In 2010, I moved to Milan. I had already been to Italy several times but always as a tourist or within my family. During one year, I stayed with Erasmus people and observed the Italians from the outside. When I finished school, I started hanging out with Italians and even moved in with one. I suddenly discover another world… I changed from the icy girl that could not stand “the Italian noisy/maccho behaviour” to the girl actually enjoying everyday their "bizarreries". I decided that I should share my experience with non Italians.

This is how it starts….

NB: I would like to mention that even if sometimes I’m a bit sharp and sarcastic, it’s more a way of emphasizing how I ve been surprised by the difference of culture. Being not Italian, you will probably always be in a cultural learning process; but the only thing that I know, now that I'm back to France, each time I hear some Italians speaking, I think it's like singing and that they're performing a show, the show of living, which makes me immediately smile...

Thursday, October 6, 2011

The night call or the art of being “mammoni”

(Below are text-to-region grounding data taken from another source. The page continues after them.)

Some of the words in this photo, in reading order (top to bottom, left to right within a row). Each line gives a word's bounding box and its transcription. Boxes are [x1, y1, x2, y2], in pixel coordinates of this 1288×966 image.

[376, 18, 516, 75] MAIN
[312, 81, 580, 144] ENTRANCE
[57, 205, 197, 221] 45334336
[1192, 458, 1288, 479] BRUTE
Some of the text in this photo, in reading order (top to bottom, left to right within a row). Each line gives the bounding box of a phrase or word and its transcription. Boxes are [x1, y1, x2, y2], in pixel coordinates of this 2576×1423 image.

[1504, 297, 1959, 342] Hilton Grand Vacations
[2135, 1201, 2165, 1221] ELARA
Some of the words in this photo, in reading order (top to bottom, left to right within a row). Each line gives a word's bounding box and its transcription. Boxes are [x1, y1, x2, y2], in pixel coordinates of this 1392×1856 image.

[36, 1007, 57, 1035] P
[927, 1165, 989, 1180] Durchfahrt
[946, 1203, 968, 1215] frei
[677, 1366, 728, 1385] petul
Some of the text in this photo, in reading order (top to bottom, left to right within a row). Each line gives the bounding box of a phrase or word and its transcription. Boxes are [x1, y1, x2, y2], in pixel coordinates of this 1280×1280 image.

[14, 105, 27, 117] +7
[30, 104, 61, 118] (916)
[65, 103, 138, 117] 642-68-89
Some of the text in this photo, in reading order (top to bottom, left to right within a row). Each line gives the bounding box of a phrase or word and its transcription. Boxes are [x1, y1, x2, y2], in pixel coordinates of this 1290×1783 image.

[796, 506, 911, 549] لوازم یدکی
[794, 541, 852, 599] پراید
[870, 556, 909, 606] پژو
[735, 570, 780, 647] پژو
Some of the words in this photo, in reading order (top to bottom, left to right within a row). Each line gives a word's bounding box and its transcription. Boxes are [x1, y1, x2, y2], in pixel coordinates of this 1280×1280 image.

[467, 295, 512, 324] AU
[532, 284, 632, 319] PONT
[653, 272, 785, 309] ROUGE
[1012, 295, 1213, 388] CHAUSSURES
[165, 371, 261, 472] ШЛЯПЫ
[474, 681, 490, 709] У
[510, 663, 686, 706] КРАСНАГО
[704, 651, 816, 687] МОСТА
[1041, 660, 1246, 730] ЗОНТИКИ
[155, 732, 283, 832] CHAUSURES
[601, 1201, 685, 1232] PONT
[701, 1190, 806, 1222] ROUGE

I remember the first time I’ve been dating an Italian: with my  girl friends, we were trying to understand what will be the standard behavior of an Italian. I was joking about the fact that maybe his mum will call. Well, I was not wrong. The first night I saw him, he left me half an hour alone cause his mum was doing what I call “the night call”… I thought: “this is amazing dude, he’s 34,  getting called by his mum every night at the same hour, and can’t even make an exception”. Basically the complete opposite of  the American trend where, once you go to university, you’re considered as a grown up and see the communication amount with your parents considerably reduced.
I discovered later that most of the guys that had to leave their hometown (mainly from the South) to find a job or study in Milan, and consequently  live far from their parents, receive a call of their mum every night… In Italy, I guess the right word is “mammoni”.
I tried to discuss it with people that were doing it but a girl told me in a aggressive mode: “yes but we don’t see our parents more than 3 times a year (for Xmas, Easter, August), so it’s normal to talk to your mum EVERY night”. I have to say I’m really impressed by the family power. When you see all those people at 30 still living with their parents, in France, you would be considered as “looser”. I know this is not linked only to culture but economical context as well, the salaries being so low and the rent so high, youngs try to stay with their parents as long as they can. In brief, it’s what French people would call Tanguy paradise (Tanguy being a movie about a 30 year old boy that refuses to leave his parents house whereas he works and earns a lot of money. At one point the parents are pissed of having no intimacy, seeing a new girlfriend every morning in the kitchen, and decide to “get rid of” their child. At the end, the guy leaves for China). I guess for once, Italy is much closer to China than France... at least for family concept.